Quality healthcare is a national and state objective that the Centers for Medicare and Medicaid Services (CMS) places a high premium on. The CMS’s quality healthcare initiatives aim to ensure that Medicare beneficiaries receive quality care through public disclosure and accountability of the insurance plan (Vu et al., 2016). As a result, the CMS activities that assess quality focus on public reporting, payment for reporting, and quality improvement. Quality measures are tools that facilitate the assessment of healthcare outcomes, service delivery processes, organizational structures, patient perceptions of services, and systems connected with high-quality healthcare goals (Kamal et al., 2020). Quality health care objectives include timely care, equitability, patient-centeredness, efficiency, safety, and effectiveness. Therefore, CMS employs quality metrics to improve patient-centred health care management systems founded on Medicaid accountability, innovation, affordability, accessibility, and care (Conway et al., 2013). The CMS conducts impact assessments on national quality measures and generates reports that drive data-driven actions to support public health improvement – identifying areas for improvement, reducing service provider burdens, implementing initiatives beneficial to providers and patients, and supporting population-based payment models in healthcare systems (van Dover & Kim, 2021). Section 1890A(a)(6) of the Social Security Act mandates this type of assessment and reporting by the CMS (Fishbane et al., 2021). This study examines the most recent CMS 2021 report to determine the level and dynamics of national and state health care quality – ‘2021 National Impact Assessment of the Centers for Medicare & Medicaid Services (CMS) Quality Measures Report’ (Centers for Medicare & Medicaid Services, 2021). The findings will contribute to the identification of a quality measure that can be suggested for Oakridge Health System’s quality improvement plan for the following fiscal year.
 
Analysis of the 2021 National and State Healthcare Quality by the Centers for Medicare & Medicaid Services (CMS)
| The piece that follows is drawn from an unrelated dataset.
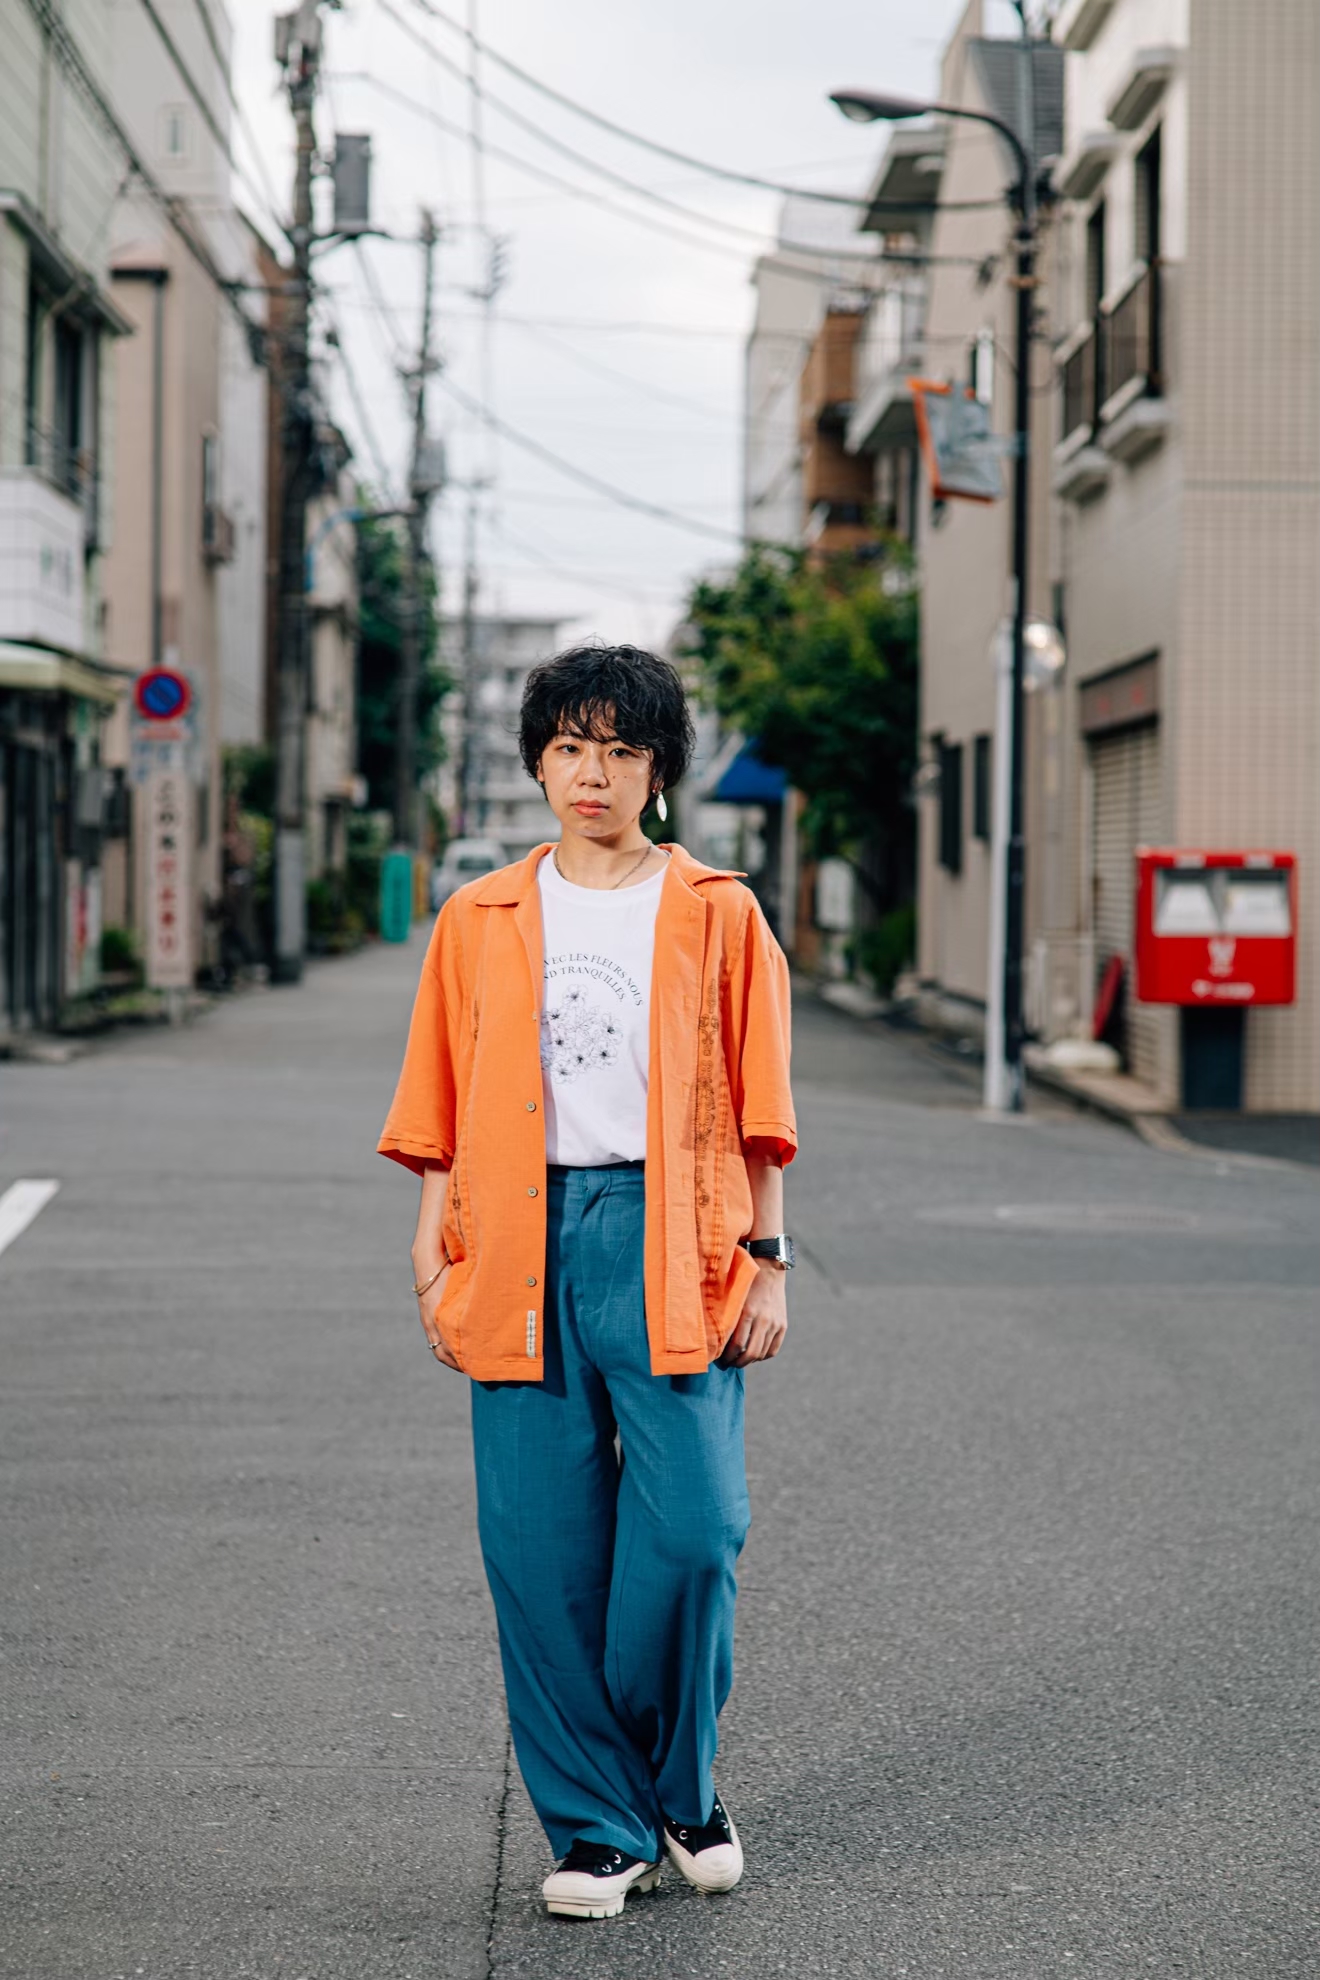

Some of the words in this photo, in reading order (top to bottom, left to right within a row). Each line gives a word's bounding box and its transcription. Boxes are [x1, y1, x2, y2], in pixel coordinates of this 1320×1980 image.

[569, 953, 589, 961] LES
[591, 954, 627, 978] FLEURS
[624, 977, 643, 1006] NOUS
The report shows that the patient safety measure portfolio in the 2021 measurements entailed 33 processes, 59 healthcare outcomes, and 18 quality programs. The proportion of the total patient safety measures directly addressed healthcare outcomes stood at 64% in 2020 compared to 47% in 2015 (Centers for Medicare & Medicaid Services, 2021). The report further revealed that the digital quality measures that entailed electronic administrative claims systems, case management systems, clinical registries, health information exchanges, e-health records, and wearable devices accounted for 65% of the patient safety measures in 2020.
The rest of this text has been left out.